The cells of C. albicans are diploid and can divide asexually or mate hetero- or homothallically [11]. The mating cells of MTLa and MTLα must switch from the white phase to the opaque phase to become compatible. The opaque cells secrete pheromones that cause the formation of conjugation tubes, which lead to cell and nuclear fusion and form tetraploid cells. Homothallic mating may also occur. The mating products usually result in intentional loss of chromosomes to return to the diploid state. The MTLa/α mating type is more virulent than MTLa/a or MTLα/α [11]. The transition from the white to the opaque phase affects niche selection, interaction with immune cells, filamentous growth, and pheromone-induced biofilm formation. Under certain conditions, the formation of recombinant strains contributes to antifungal drug resistance and fitness [11].
Sexual reproduction and associated processes play a somewhat limited but important role in generating genetic diversity in Candida species and other fungal pathogens. These processes also contribute significantly to the evolution of pathogenicity and drug resistance.
The most recently emerging pathogen species, C. auris, has caused several large outbreaks of healthcare-associated infections worldwide and was first described in 2009 [24]. The fungus C. auris is resistant to several antifungal drugs and has become a major cause of invasive candidiasis in some hospitals. It differs from most other pathogenic Candida species in its resistance to antifungal drugs and its ability to spread among patients. More than most Candida species, C. auris tolerates an extremely saline environment and higher temperatures. Factors that could lead to its spread, including the possible role of public health, antifungal drug use, and environmental changes, including human activities that could increase the occurrence of C. auris in the environment or allow increased contact with humans, are currently under investigation [25].
What is the evidence for sexuality in C. auris? Candida auris and its closest relatives should have sufficient mating and meiosis factors to support the sexual cycle. Indeed, the mating locus in C. auris is complete and both mating types are present, suggesting that C. auris is capable of mating and meiosis, or at least mating and coordinated chromosome loss (parasex). It cannot be ruled out that C. auris, like C. albicans, can reproduce unisexually with isolates of the same strain. To confirm that C. auris can reproduce sexually, it is extremely important to determine the natural environment, as it could be further delineated if different mating types exist in the natural population [26].
The fungus C. auris is genetically most closely related to the rarely observed and often resistant species C. haemulonii. Nearly complete genomes of four clades of C. auris have been identified, including rearrangements of seven chromosomes within clades and between species. Most mating and meiotic genes are conserved, and strains contain separate mating loci of MTL or MTLα. Due to karyotype differences among isolated C. auris clades, existing clinical strains of C. auris are unlikely to mate successfully. However, these differences do not rule out parasexual mechanisms. Based on current data, they suggest that health risk is not increased by C. auris mating and resulting diversity in the clinical context [27].

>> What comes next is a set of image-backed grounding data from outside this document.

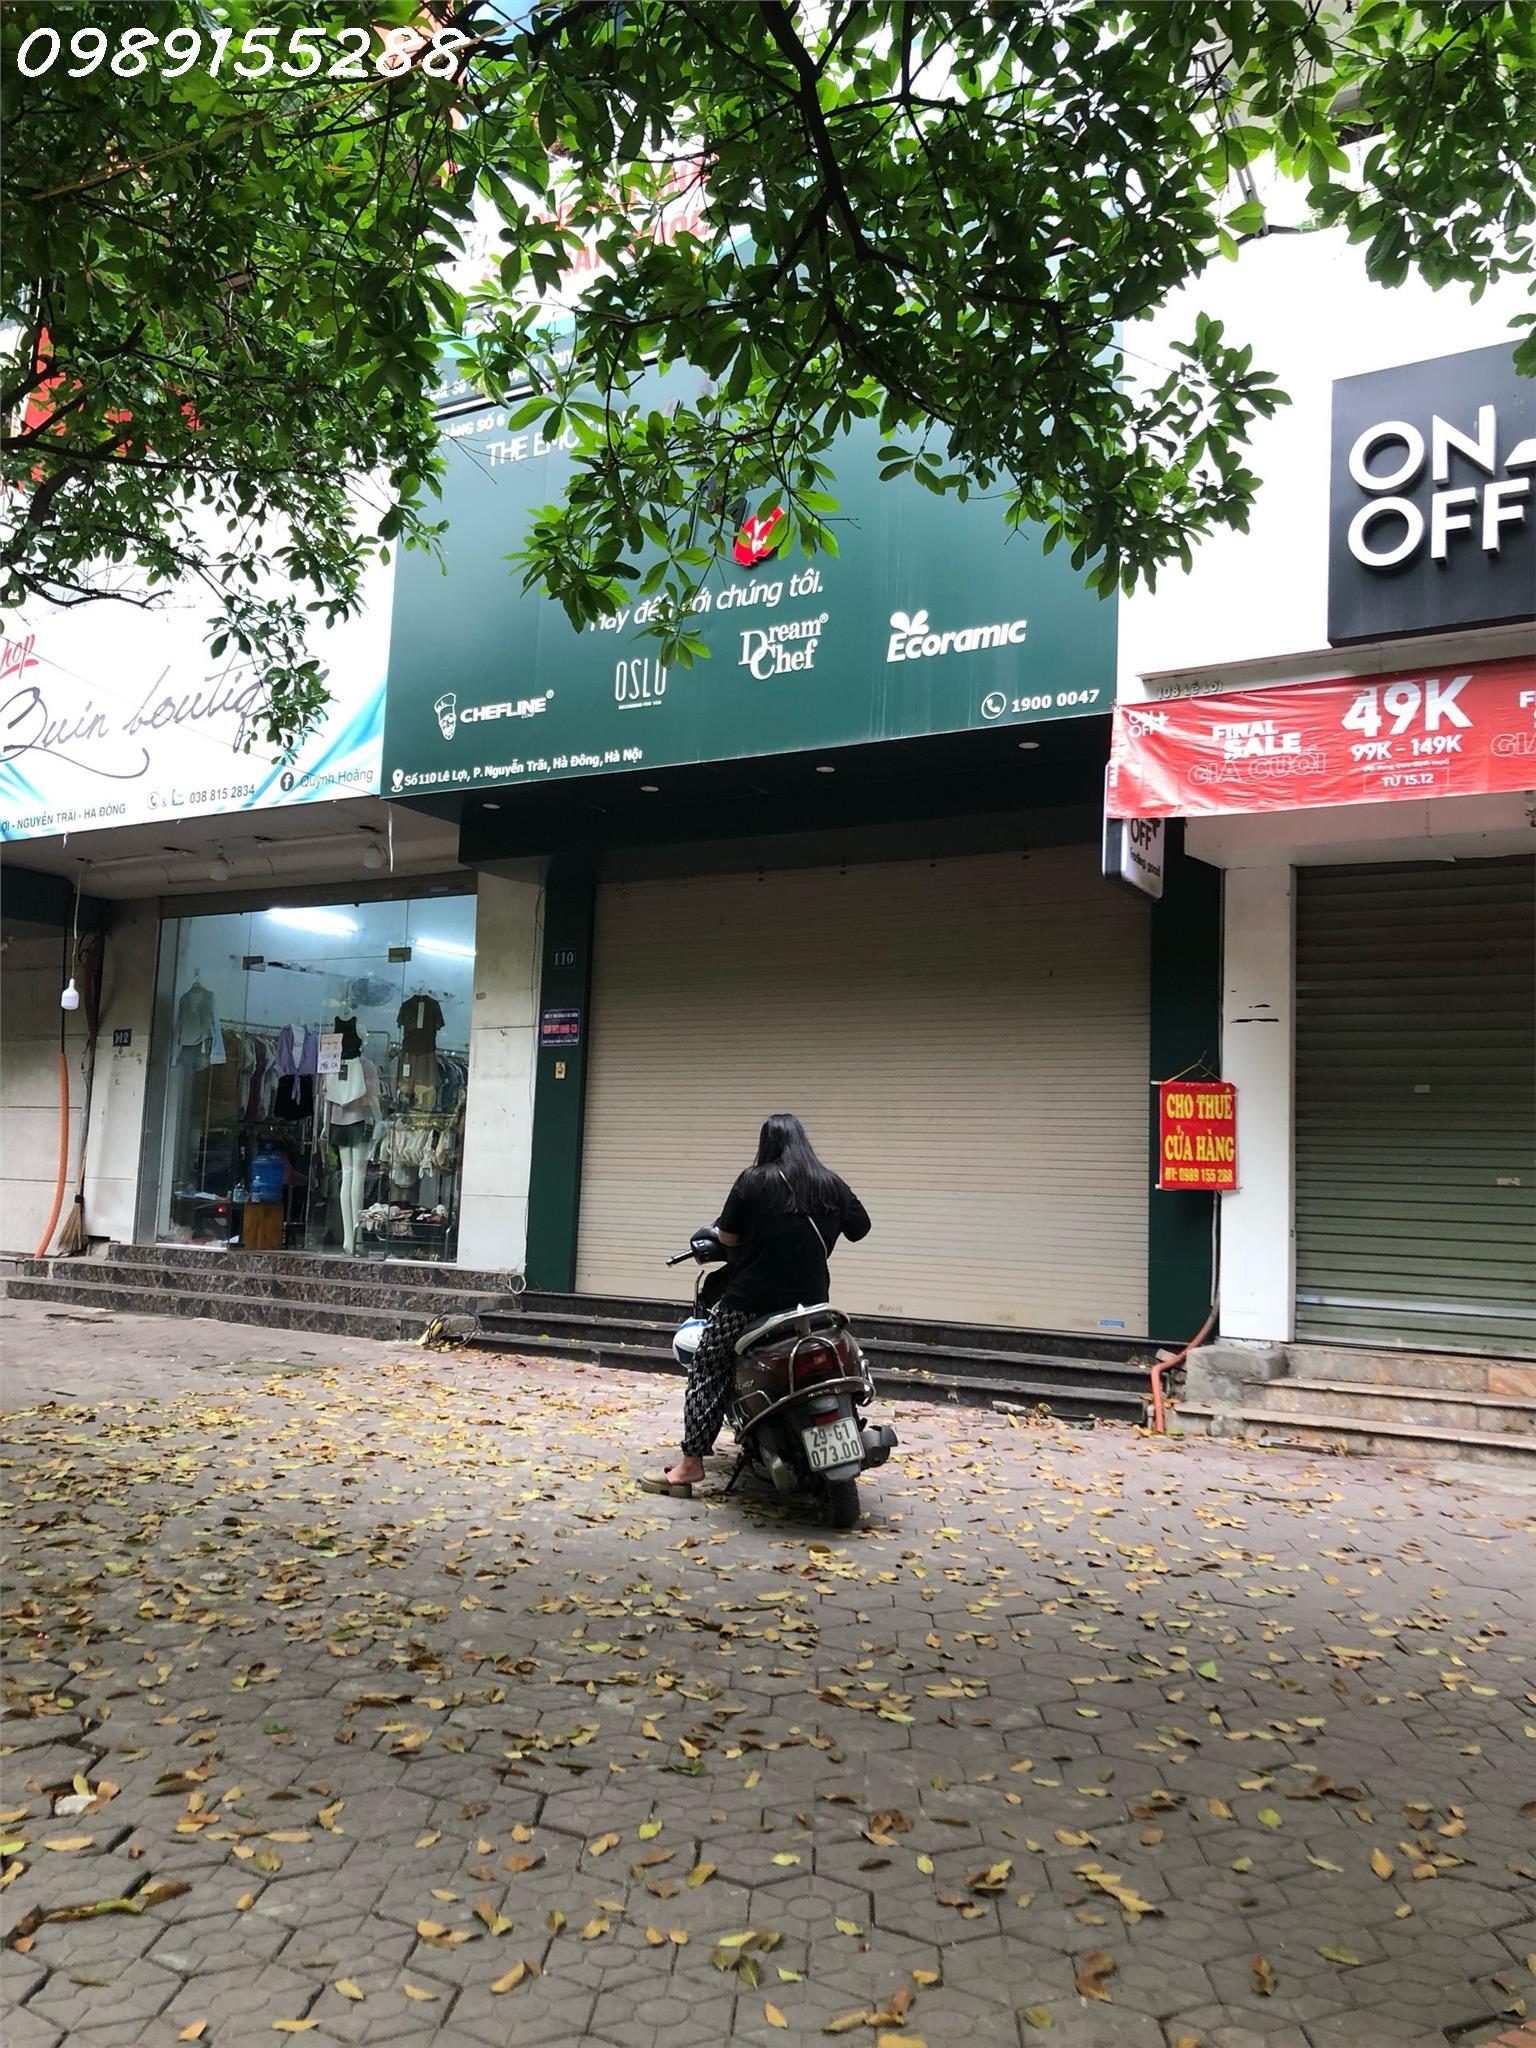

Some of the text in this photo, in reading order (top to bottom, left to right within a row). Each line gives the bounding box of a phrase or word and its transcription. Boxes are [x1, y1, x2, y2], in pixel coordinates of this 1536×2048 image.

[486, 435, 529, 468] THE
[1348, 404, 1496, 491] ON
[1347, 477, 1531, 568] OFF
[716, 579, 783, 608] chúng
[789, 568, 824, 598] tôi.
[887, 620, 1027, 663] Ecoramic
[749, 638, 818, 680] Chef
[460, 698, 547, 724] CHEFLINE
[1011, 689, 1100, 713] 1900 0047
[1341, 674, 1474, 738] 49K
[1212, 719, 1279, 741] FINAL
[1222, 732, 1302, 761] SALE
[1351, 741, 1393, 762] 99K
[1411, 734, 1464, 756] 149K
[418, 773, 438, 785] 110
[437, 769, 450, 783] Lê
[484, 759, 524, 779] Nguyễn
[526, 759, 551, 774] Trãi,
[553, 755, 568, 770] Hà
[570, 753, 604, 769] Đông,
[604, 749, 621, 764] Hà
[622, 747, 643, 763] Nội
[1404, 772, 1434, 786] 15.12
[189, 791, 208, 804] 038
[210, 787, 229, 801] 815
[231, 784, 256, 799] 2834
[1130, 818, 1152, 851] OFF
[554, 951, 574, 967] 110
[1166, 1086, 1234, 1120] CHO THUÊ
[1164, 1124, 1235, 1162] CỬA HÀNG
[810, 1422, 851, 1448] 29-G1
[811, 1439, 860, 1467] 073.00
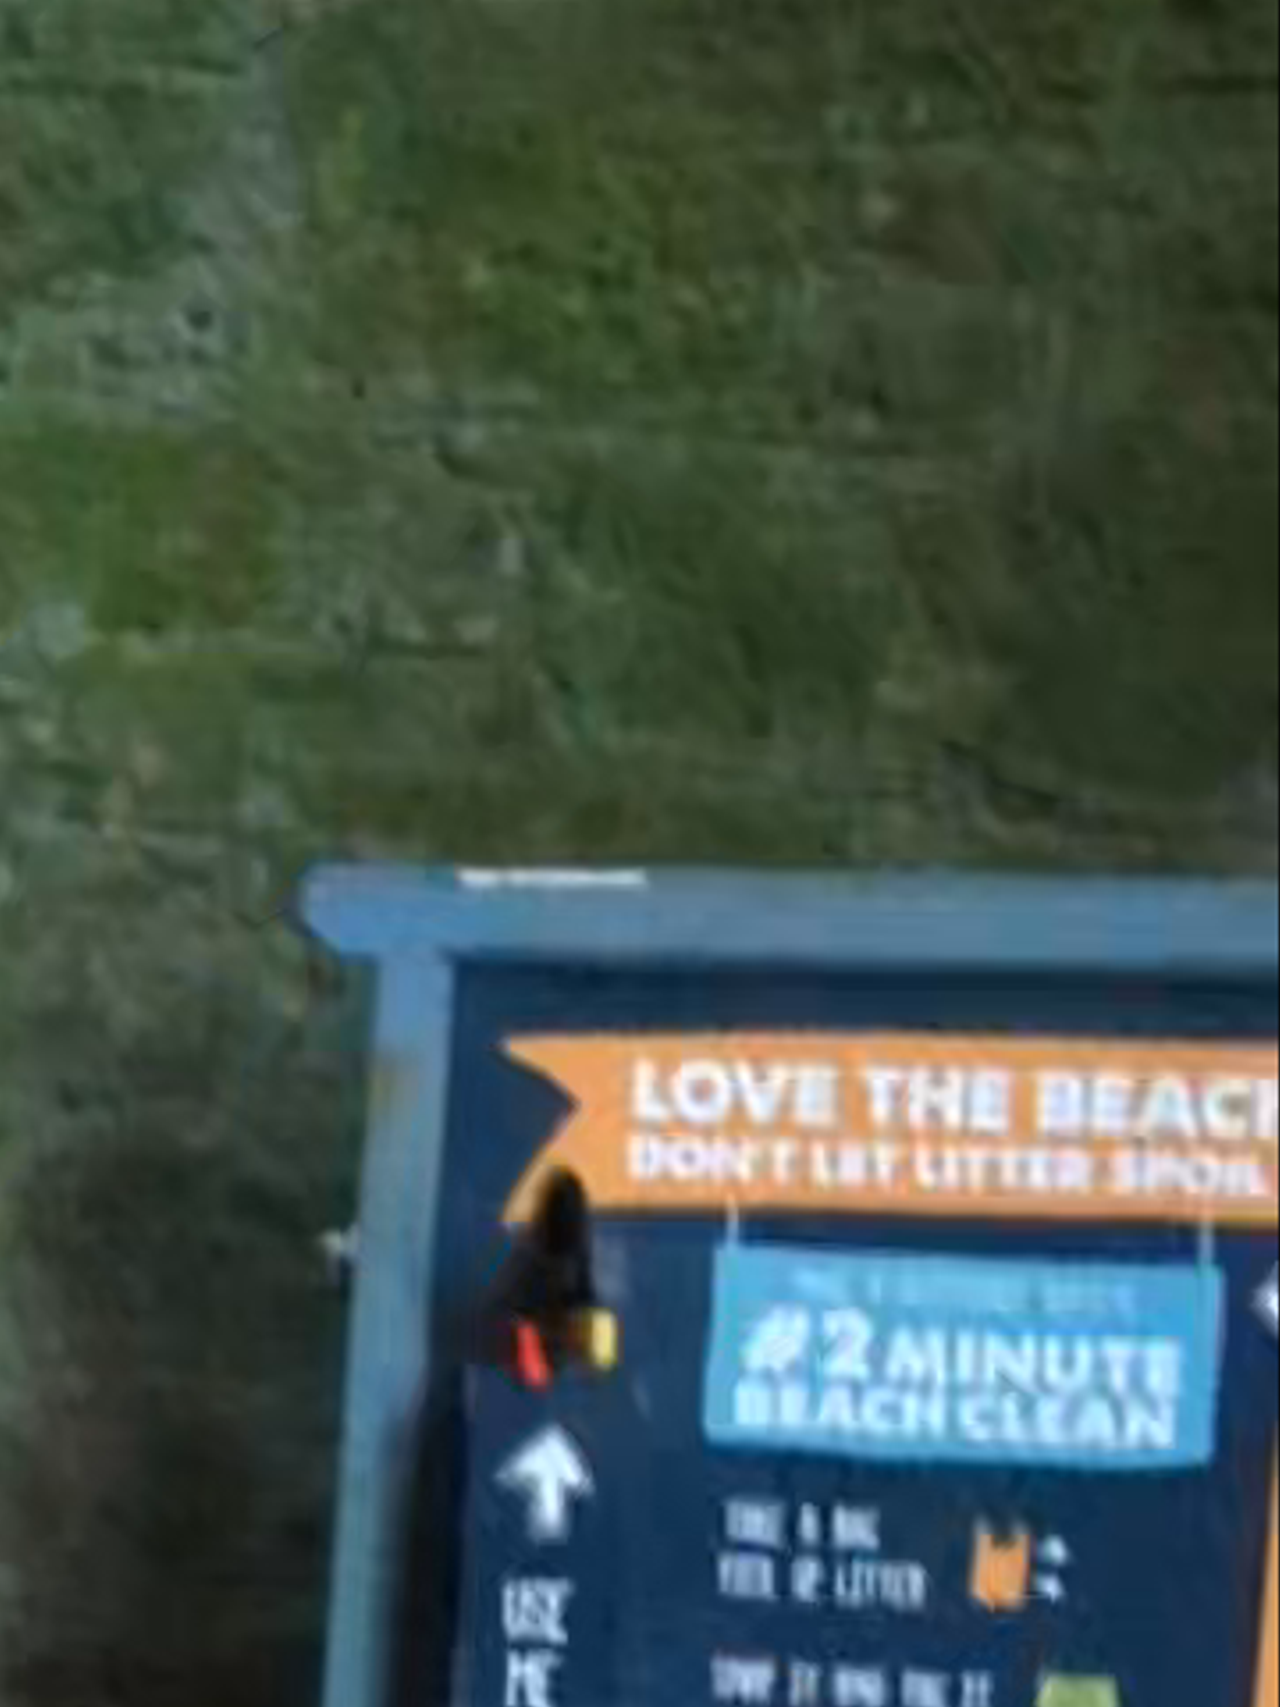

3. Difference of Sex and Gender of the Human Host in Susceptibility to Fungal Infection

Depending on biological characteristics, organisms can generally be classified as female, male, intersex, and hermaphrodite. Biological sex describes sexual distinction that goes beyond mere reproductive function and includes appearance, physiology, or neuroendocrine, behavioral, and metabolic systems [9]. Sex differences in humans are the result of a complex interplay of sex hormones, genetic variability, and the environment against a background of intrinsic effects of sex chromosome differences. Indeed, each adult human somatic cell exhibits sex-specific differences in gene expression and epigenetic profile to varying degrees. The long-recognized differences between men and women in health, longevity, disease risk and progression, and response to therapies have a genetic and epigenetic basis [28].
Gender refers to psychological, social, and cultural factors that shape attitudes, behaviors, stereotypes, technologies, and knowledge. It refers to spoken and unspoken rules regarding gender in society and how people in different cultures perceive themselves [9]. It is important to note that sex and gender are related in various unexpected ways. For example, perception of pain shows biological differences in signaling physiology, but also includes sociocultural components of how women, men, or people of different genders report pain, and how physicians understand and treat pain depending on the patient’s perception of gender [29]. Pain perception is an important factor in early detection and timely initiation of treatment for fungal infections.
The Gender and Gender Equality in Research guidelines (SAGER) emphasize the correct distinction between sex and gender to avoid confusion [30].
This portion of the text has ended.